* EXERCISE BRIEF *
Copy out all the lines of the data precisely, omitting any pictures.

Collected data:
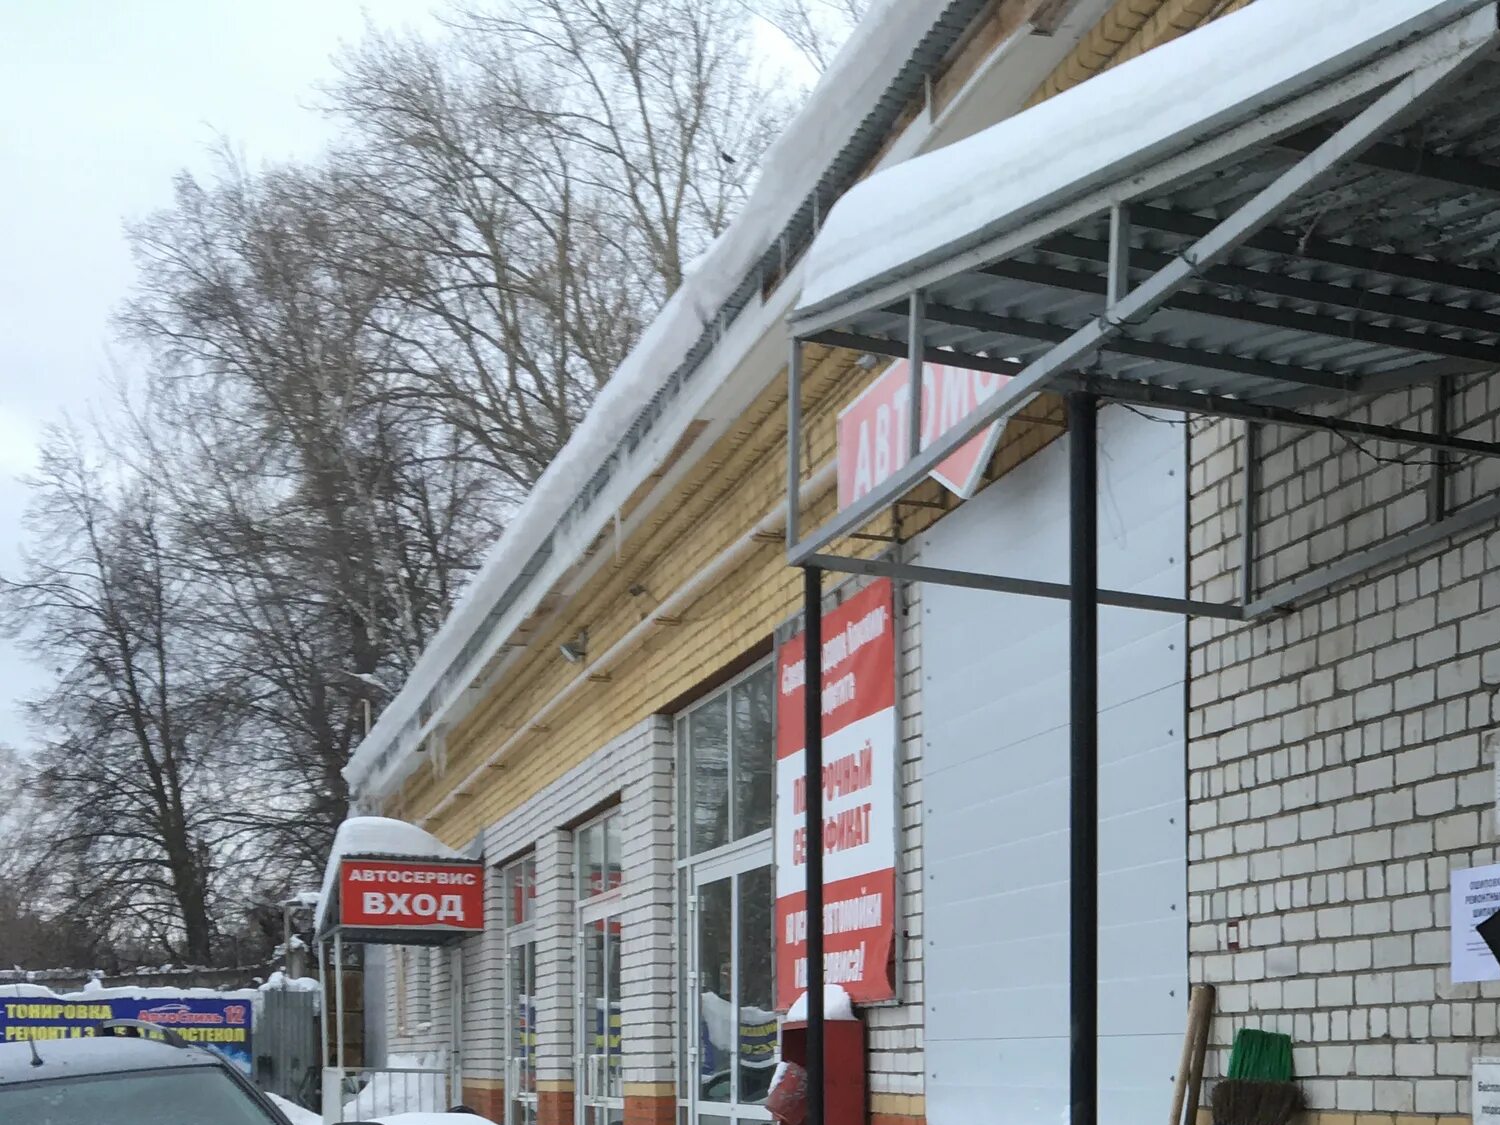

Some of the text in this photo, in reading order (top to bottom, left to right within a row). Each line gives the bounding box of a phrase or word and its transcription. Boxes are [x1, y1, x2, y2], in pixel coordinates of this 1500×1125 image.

[349, 869, 477, 885] АВТОСЕРВИС
[363, 891, 464, 921] ВХОД
[4, 1004, 113, 1020] ТОНИРОВКА
[224, 1005, 245, 1024] 12
[5, 1026, 69, 1041] РЕМОНТ
[71, 1026, 82, 1039] И
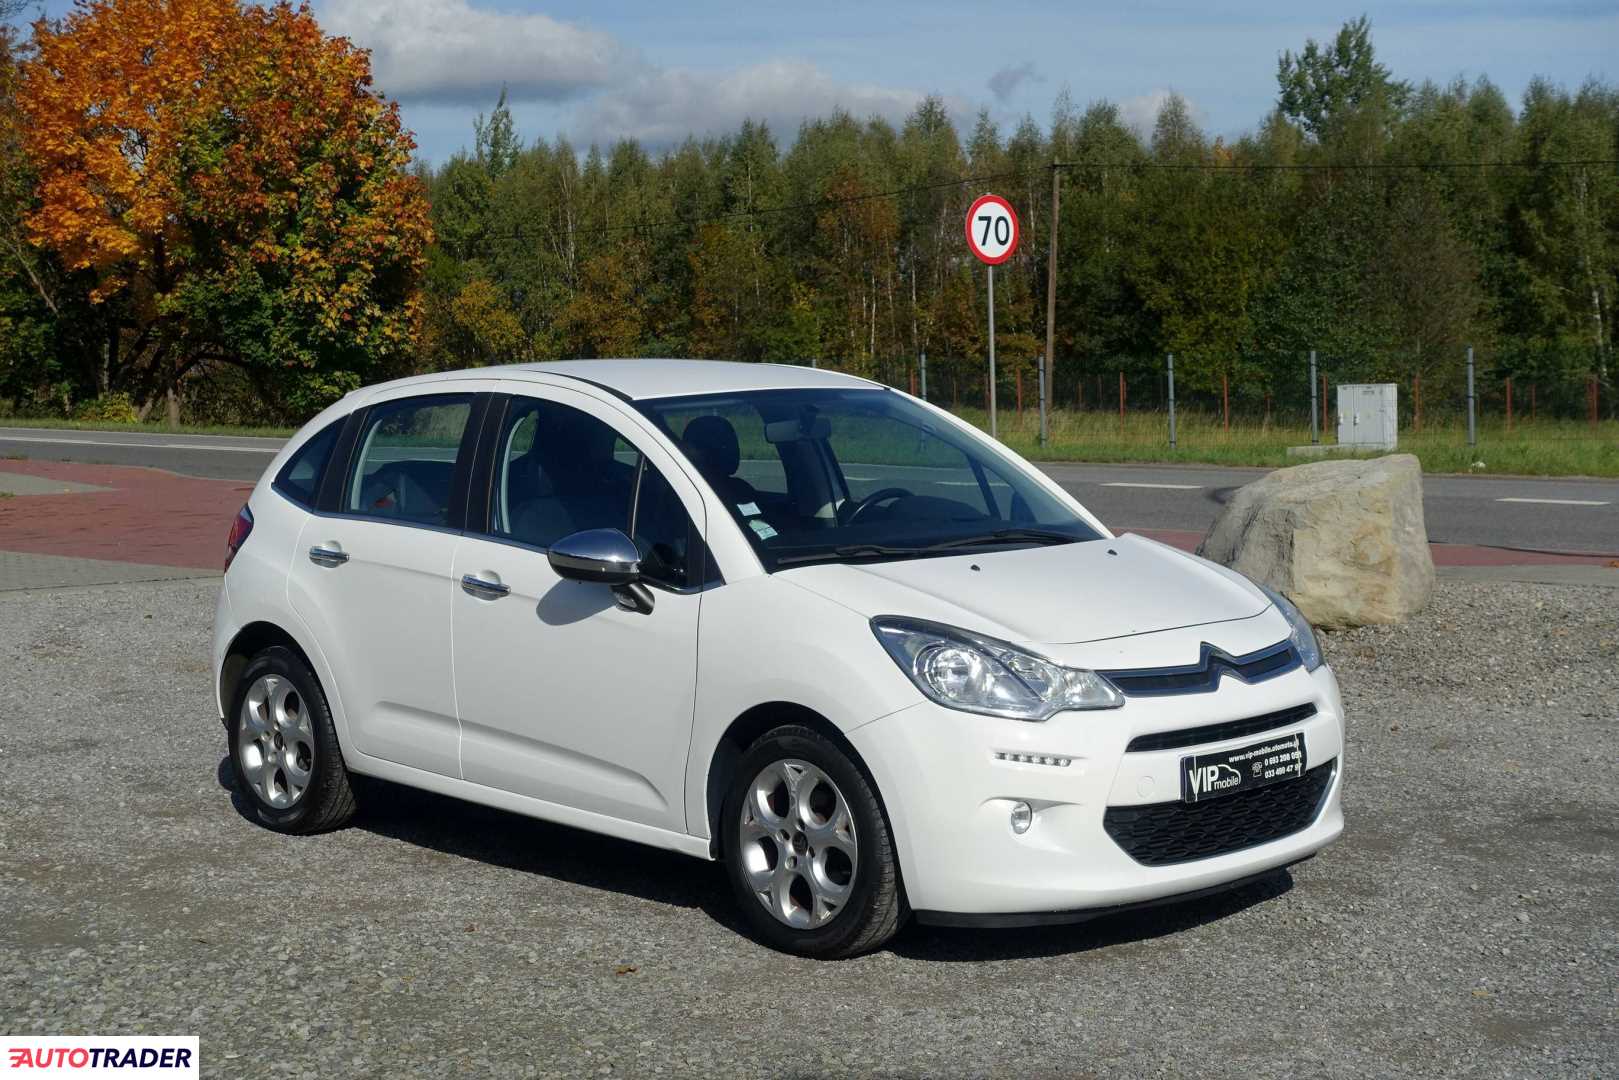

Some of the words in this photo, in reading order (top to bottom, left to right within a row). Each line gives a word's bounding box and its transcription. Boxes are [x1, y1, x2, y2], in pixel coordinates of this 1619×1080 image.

[978, 216, 1010, 246] 70
[1286, 764, 1294, 773] 47
[1189, 765, 1219, 798] VIP
[1214, 775, 1239, 790] mobile
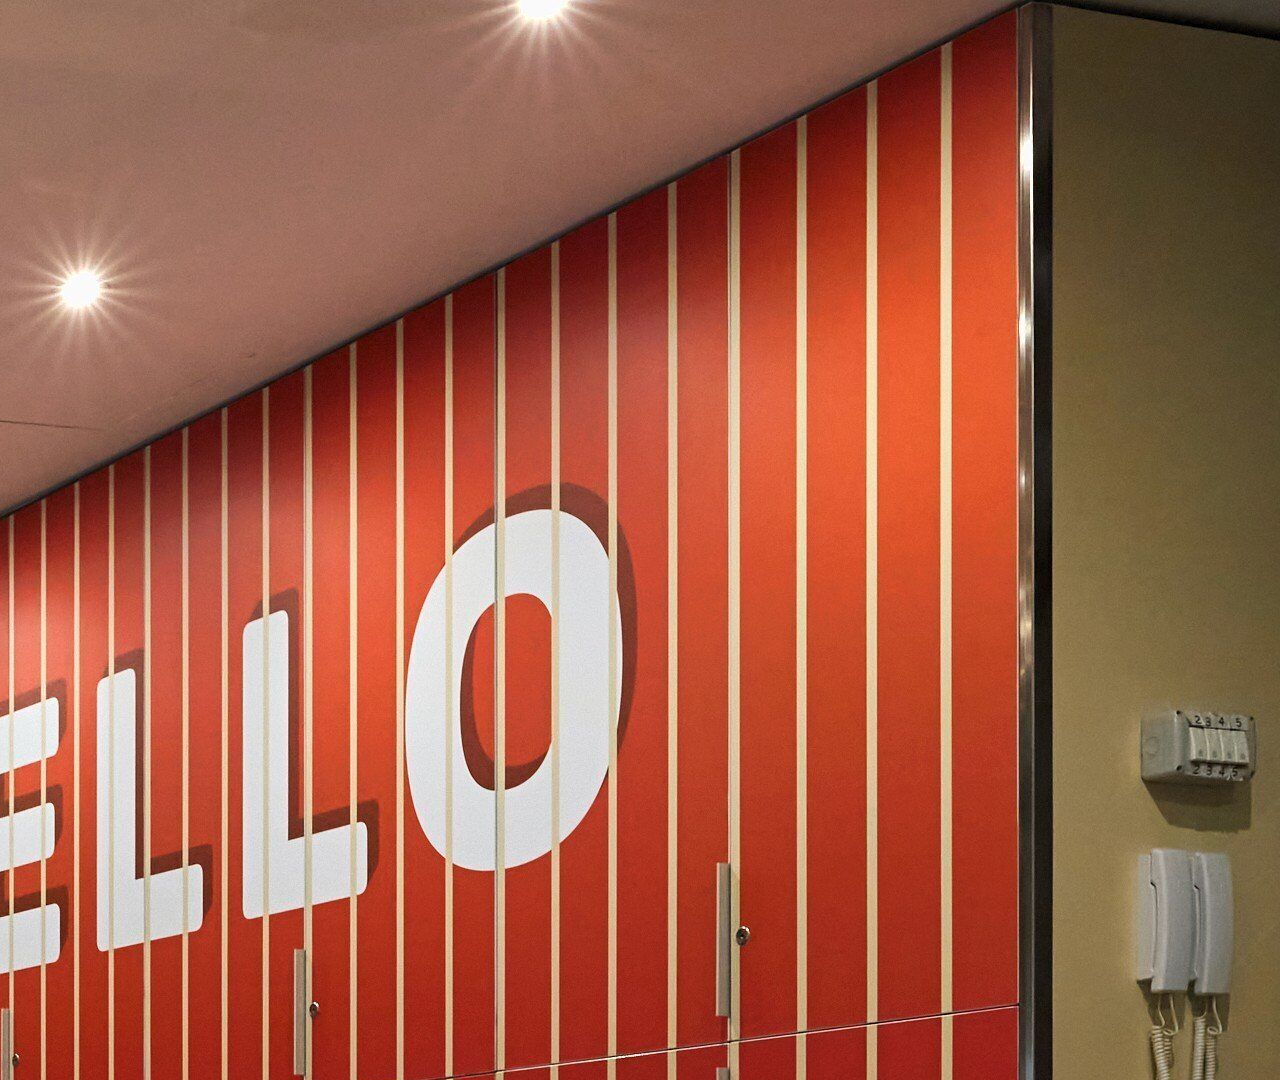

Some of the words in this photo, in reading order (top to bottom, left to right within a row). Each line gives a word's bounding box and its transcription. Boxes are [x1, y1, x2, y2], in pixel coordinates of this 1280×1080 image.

[1194, 715, 1202, 725] 2
[1219, 716, 1225, 726] 4
[1235, 718, 1242, 728] 5
[1193, 764, 1201, 775] 2
[1205, 766, 1213, 776] 3
[1232, 767, 1238, 777] 5
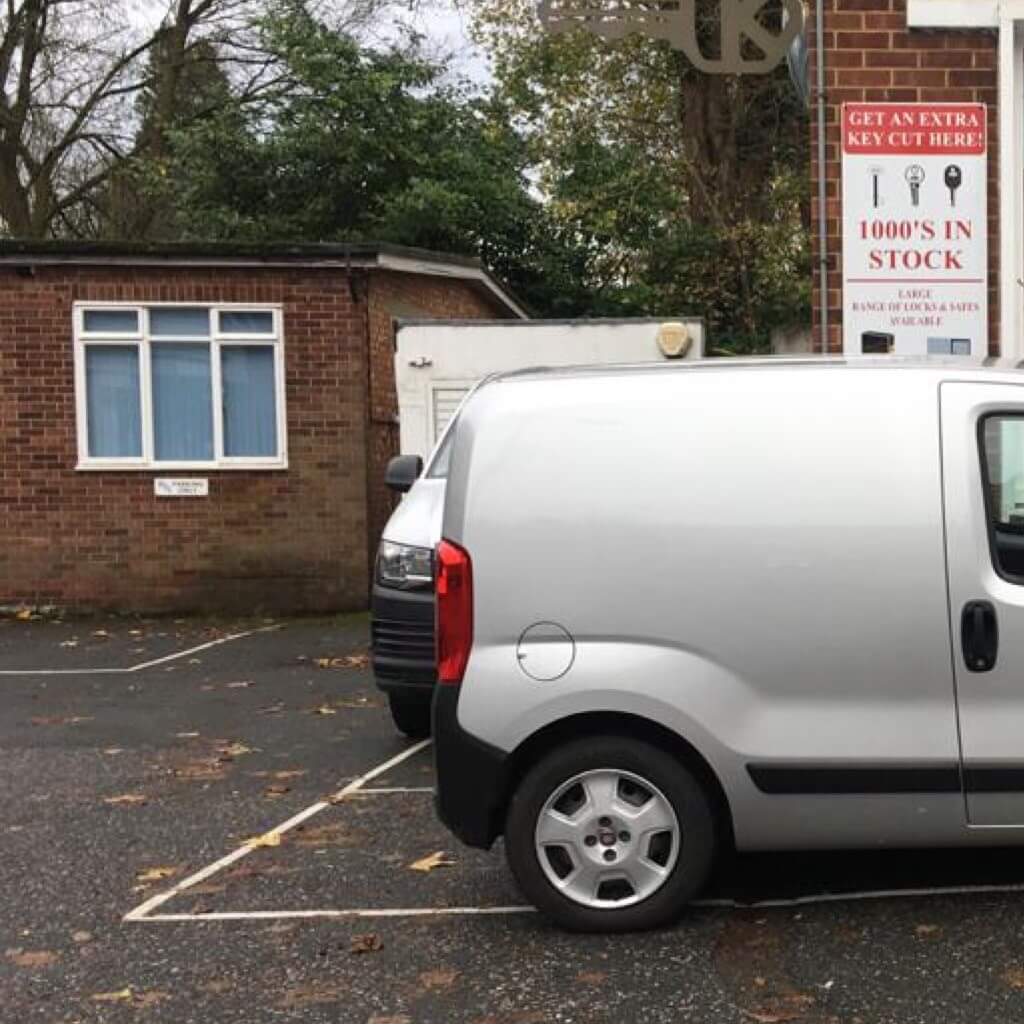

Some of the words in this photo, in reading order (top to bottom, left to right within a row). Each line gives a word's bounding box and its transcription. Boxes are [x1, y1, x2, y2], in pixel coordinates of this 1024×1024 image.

[848, 111, 886, 126] GET
[891, 111, 914, 126] AN
[919, 111, 979, 126] EXTRA
[848, 131, 884, 146] KEY
[888, 131, 924, 146] CUT
[929, 131, 983, 147] HERE!
[859, 218, 936, 241] 1000'S
[944, 219, 972, 240] IN
[868, 248, 964, 271] STOCK

* RESULT BELOW *
Some of the text in this photo, in reading order (top to bottom, left to right within a row). Each line gives the bounding box of a phrase or word and its transcription. Boxes are [x1, y1, x2, y2], in pixel coordinates of this 1500×1125 image.

[349, 869, 477, 885] АВТОСЕРВИС
[363, 891, 464, 921] ВХОД
[4, 1004, 113, 1020] ТОНИРОВКА
[224, 1005, 245, 1024] 12
[5, 1026, 69, 1041] РЕМОНТ
[71, 1026, 82, 1039] И

Some of the words in this photo, in reading order (top to bottom, left to right within a row). Each line gives a word's bounding box and its transcription. Boxes are [x1, y1, x2, y2], in pixel coordinates of this 1619×1080 image.

[978, 216, 1010, 246] 70
[1286, 764, 1294, 773] 47
[1189, 765, 1219, 798] VIP
[1214, 775, 1239, 790] mobile

Some of the words in this photo, in reading order (top to bottom, left to right within a row). Each line gives a word's bounding box and its transcription. Boxes are [x1, y1, x2, y2], in pixel coordinates of this 1280×1080 image.

[1194, 715, 1202, 725] 2
[1219, 716, 1225, 726] 4
[1235, 718, 1242, 728] 5
[1193, 764, 1201, 775] 2
[1205, 766, 1213, 776] 3
[1232, 767, 1238, 777] 5

Some of the words in this photo, in reading order (top to bottom, left to right within a row). Each line gives a word's bounding box and its transcription. Boxes are [x1, y1, x2, y2], in pixel coordinates of this 1024×1024 image.

[848, 111, 886, 126] GET
[891, 111, 914, 126] AN
[919, 111, 979, 126] EXTRA
[848, 131, 884, 146] KEY
[888, 131, 924, 146] CUT
[929, 131, 983, 147] HERE!
[859, 218, 936, 241] 1000'S
[944, 219, 972, 240] IN
[868, 248, 964, 271] STOCK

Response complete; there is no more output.